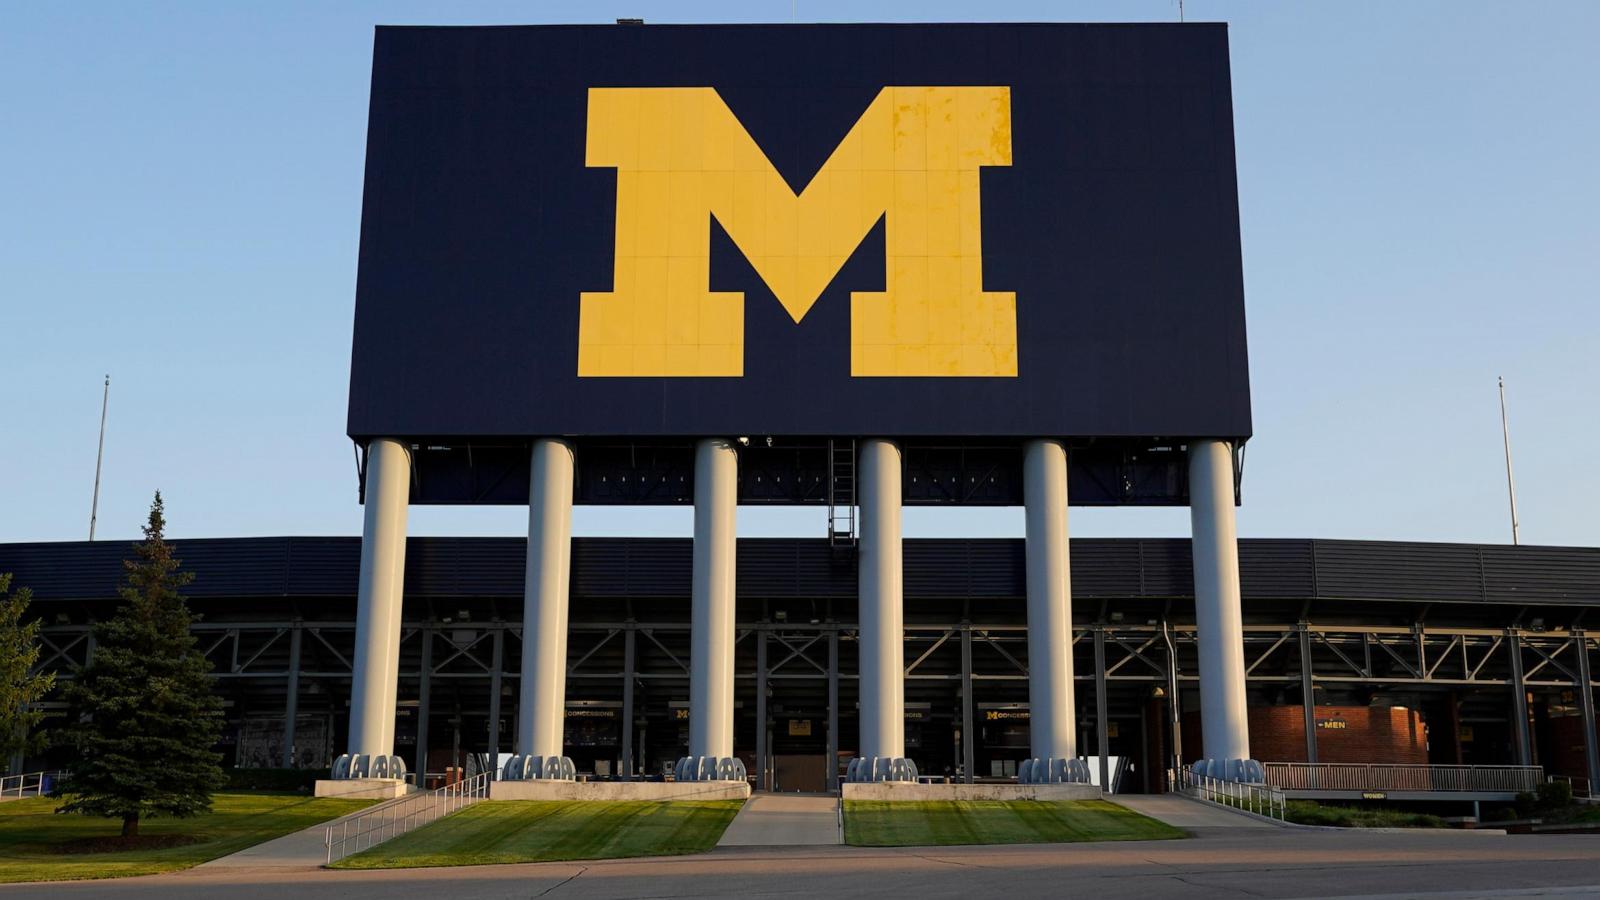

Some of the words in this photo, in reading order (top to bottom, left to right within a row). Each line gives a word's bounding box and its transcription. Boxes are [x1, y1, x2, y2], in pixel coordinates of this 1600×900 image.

[577, 86, 1018, 377] M
[1324, 721, 1346, 729] MEN
[1362, 792, 1385, 800] WOMEN
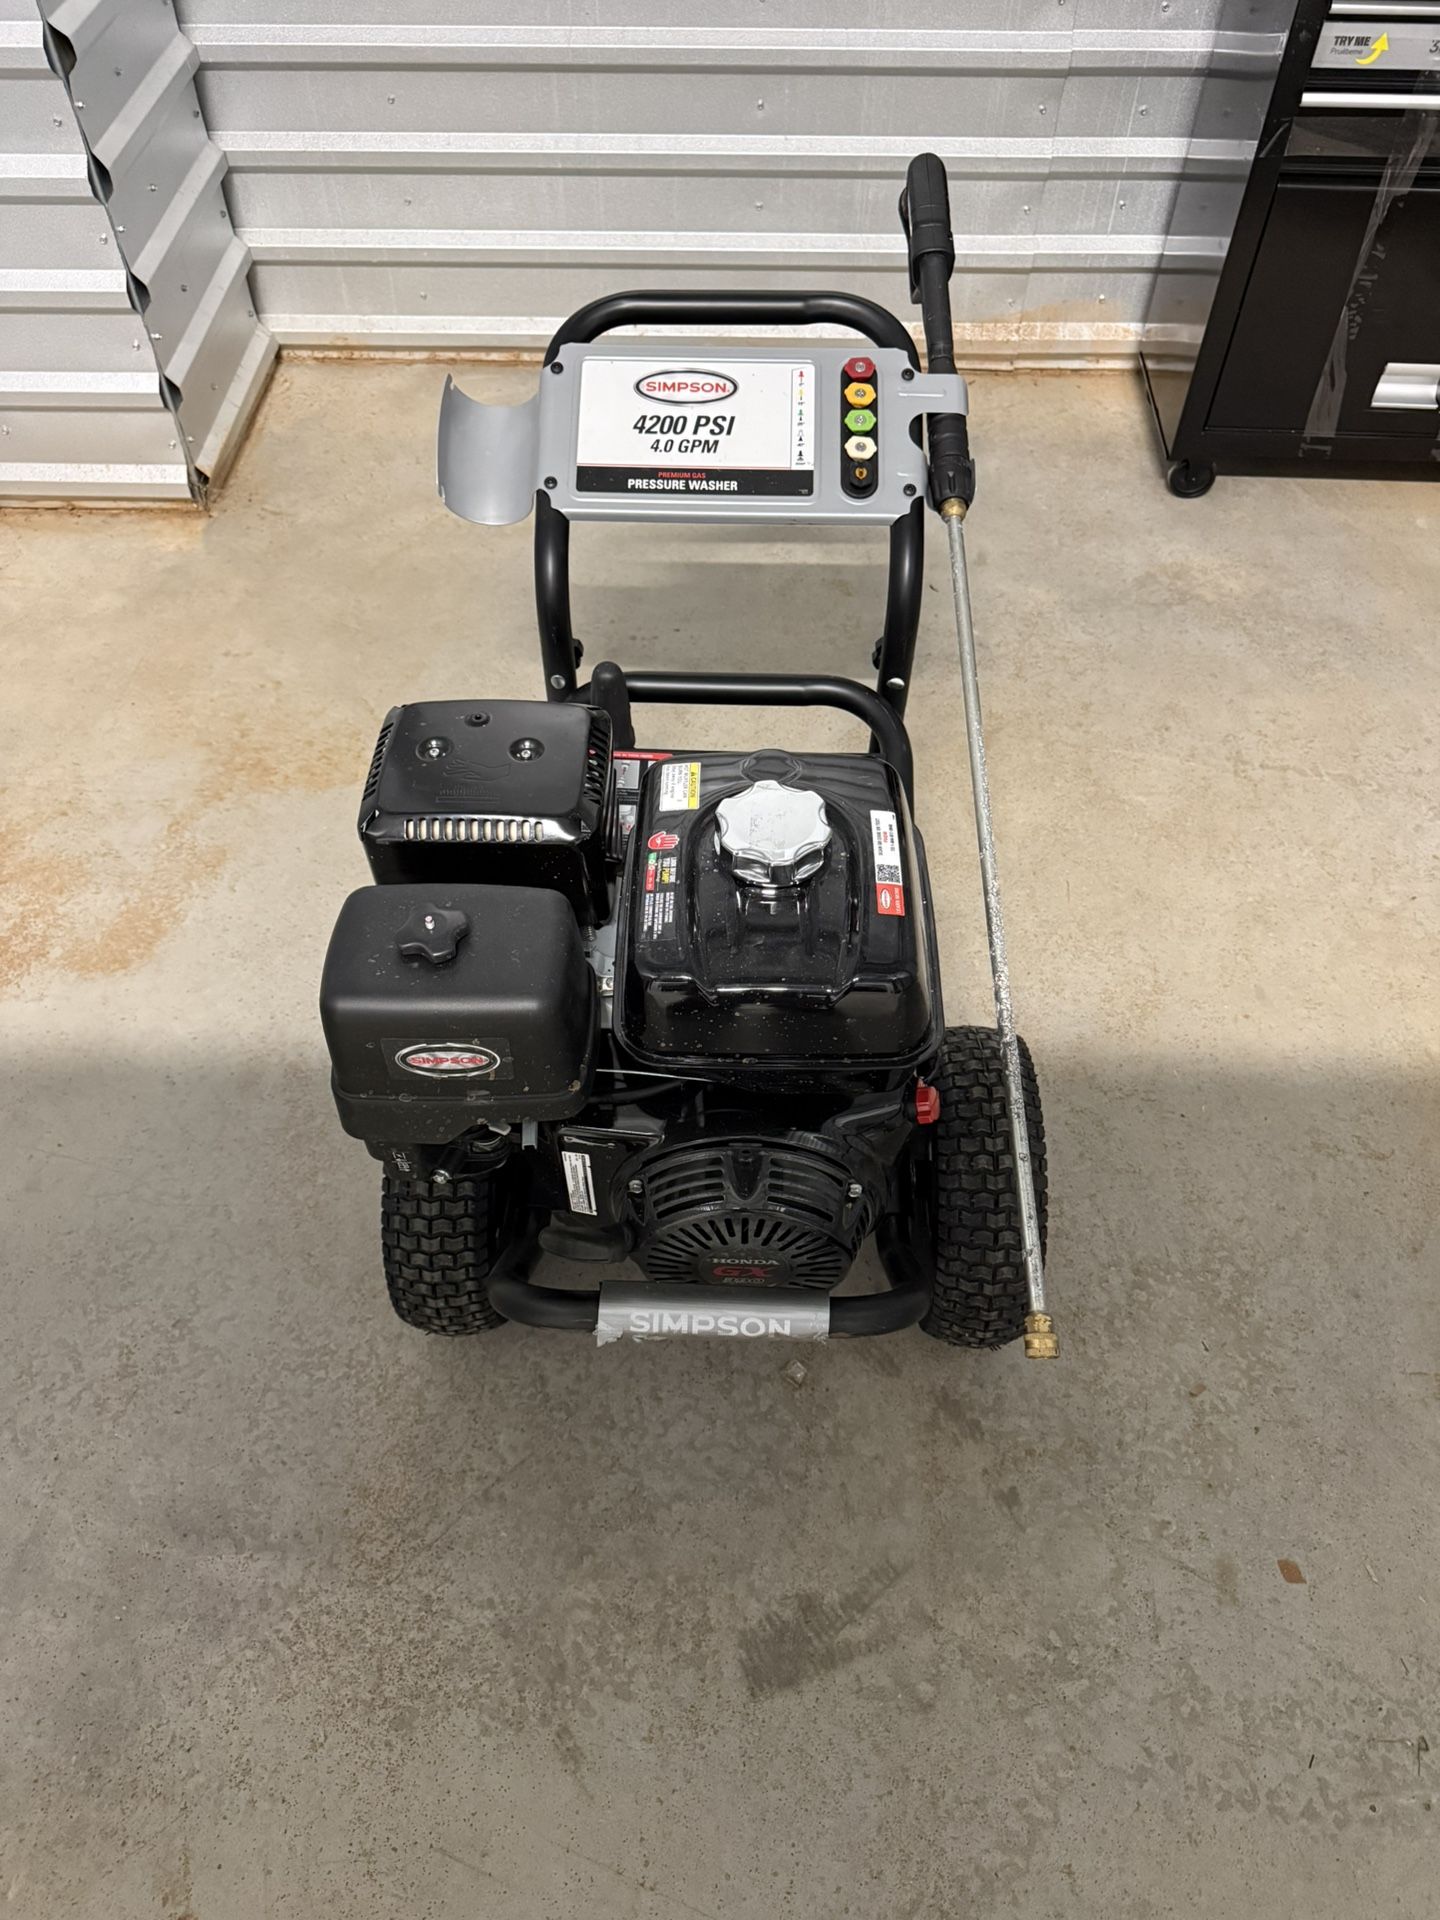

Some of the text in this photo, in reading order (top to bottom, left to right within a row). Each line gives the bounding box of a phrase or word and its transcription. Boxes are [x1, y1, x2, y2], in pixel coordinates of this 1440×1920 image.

-=-=-=-=-

- TO DO
Output each entry verbatim; none of the pictures should be included.

- WRITTEN SOLUTION
Some of the words in this photo, in reading order (top to bottom, left to right within a row). Each line gives a word's bounding box and its transcription. Boxes are [x1, y1, x2, y2], in pixel coordinates of this 1600×900 image.

[577, 86, 1018, 377] M
[1324, 721, 1346, 729] MEN
[1362, 792, 1385, 800] WOMEN

Some of the text in this photo, in reading order (top to bottom, left to right within a row). Each line gives the bounding box of a phrase or word and its transcription. Boxes are [x1, y1, x2, y2], in pixel coordinates of this 1440×1920 image.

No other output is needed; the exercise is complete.